The problems happen somewhere after that. Because what brand slop does is take management theory and tries to fit it into a neat model everywhere else, even when that doesn’t work.
You simply can’t sum up a brand – the irrational bit about how people feel about one company over another – by squishing it into a triangle, or wrapping it up in a list of (often the same) words plucked from a thesaurus.
It’s not just marketing and branding, it’s the same story in every management department. Once upon a time Human Resources was called Personnel and its main role was to do the practical things that companies need for its people, from hiring and firing to all the things in between. But in the seventies management books started talking about people as if they were numbers. Soon ‘human capital theory’ and ‘human asset accounting’ were all the rage.
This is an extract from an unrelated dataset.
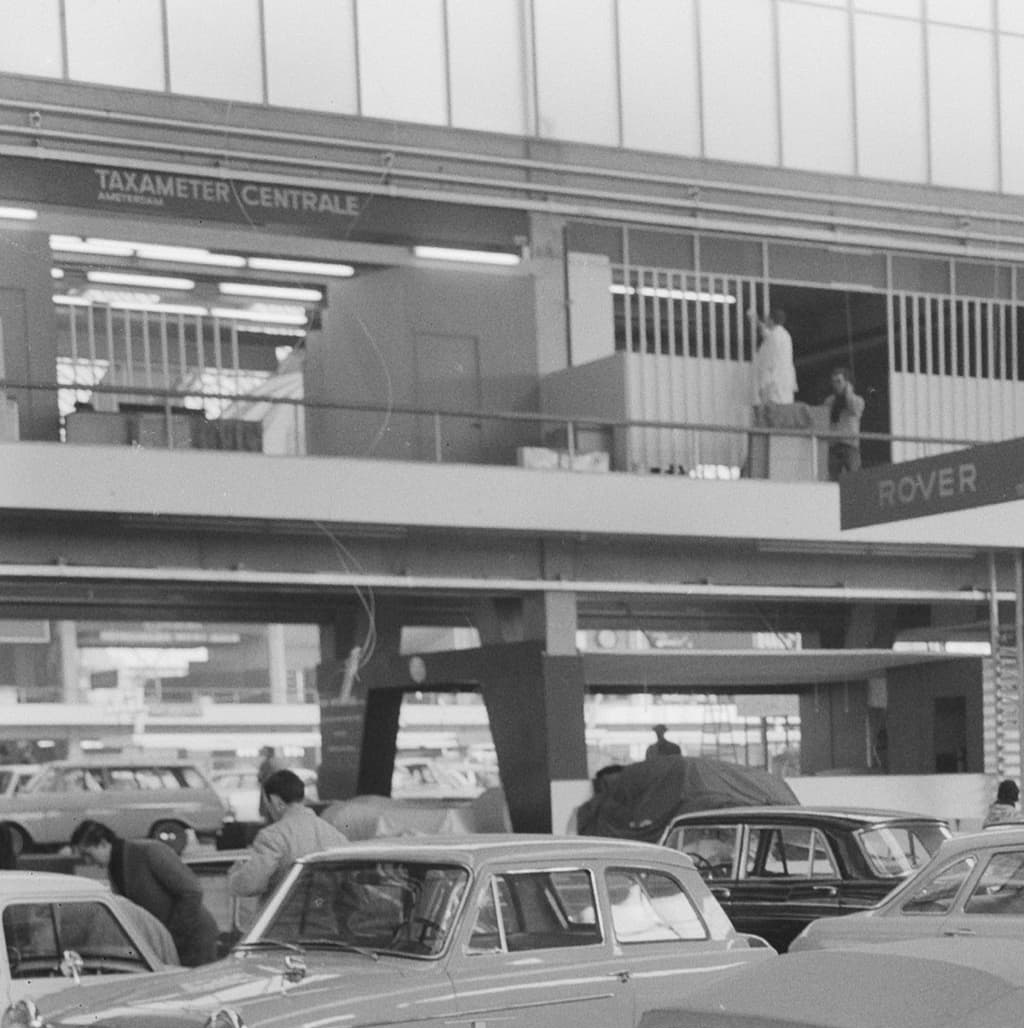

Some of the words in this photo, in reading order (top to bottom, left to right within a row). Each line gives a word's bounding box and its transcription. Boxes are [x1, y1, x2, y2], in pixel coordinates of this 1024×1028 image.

[95, 169, 230, 202] TAXAMETER
[241, 186, 360, 216] CENTRALE
[877, 463, 977, 506] ROVER
By the time the Harvard Business School introduced Human Resources to its MBA at the beginning of the eighties, there was no turning back and no one questioned the idea that ‘people are your greatest asset’. Well, not until the book ‘Managing Brand Equity’ came out a decade later and then brands were crowned the latest, greatest asset.
The idea of turning brands and people into ‘assets’ reveals a lot about the underlying problem with brand slop. It’s not that it isn’t quite true, it’s that you can’t treat things like brands and people in the same way as capital. Numbers can be moved around on Excel sheet, but in the real world people’s skills and talents can’t.
In the end most big companies are good at being just that: big. Using their muscle to cut costs in production and distribution. And business books or MBAs can help with that. You can learn how to make logistics (or the supply chain as the MBA-ers call it) more efficient from a book. The same goes for anything to do with distributing products and financially restructuring a business. But what do all those things have in common? They’re all about operations: the nuts and bolts of running a company. And, despite what all the strategic presentations tell you, most big companies still get their profits from these sort of operational tweaks. Whether that’s by finding more places to sell things, making more of them, or by or cleverly restructuring the way they’re made or work.
So the process stuff is easy to solve. Creativity, innovation and making people feel good about a brand aren’t. This is when big organisations turn to brand slop. Except it never works. All the good ideas and innovation usually come from copying smaller, gutsier start-ups or by buying them and, more often than not, messing them up with layers of process and bureaucracy. Just read What happens after Yahoo acquires you to get a first-hand account of what goes on behind the scenes when a smaller start-up is taken over and infected by brand slop.
But what about Apple, the consultant’s favourite anecdotal branding success? Funnily enough, if you read Walter Isaacson’s biography of Steve Jobs, one of the most striking things is how little time Jobs had for PowerPoint, idea-sucking research, and elaborate strategies. You could argue that one of the reasons Apple are so successful is that they manage their supply chain well and they’ve cut out the brand slop altogether.
It’s not a bad thing to write down what your brand is or to improve how your company works. The problem comes when you over-simplify difficult things and use empty language to do it. It doesn’t add anything or help you run your business better. And if all the money you’re spending on marketing, management, and HR strategies isn’t doing anything, what’s the brand slop actually there for?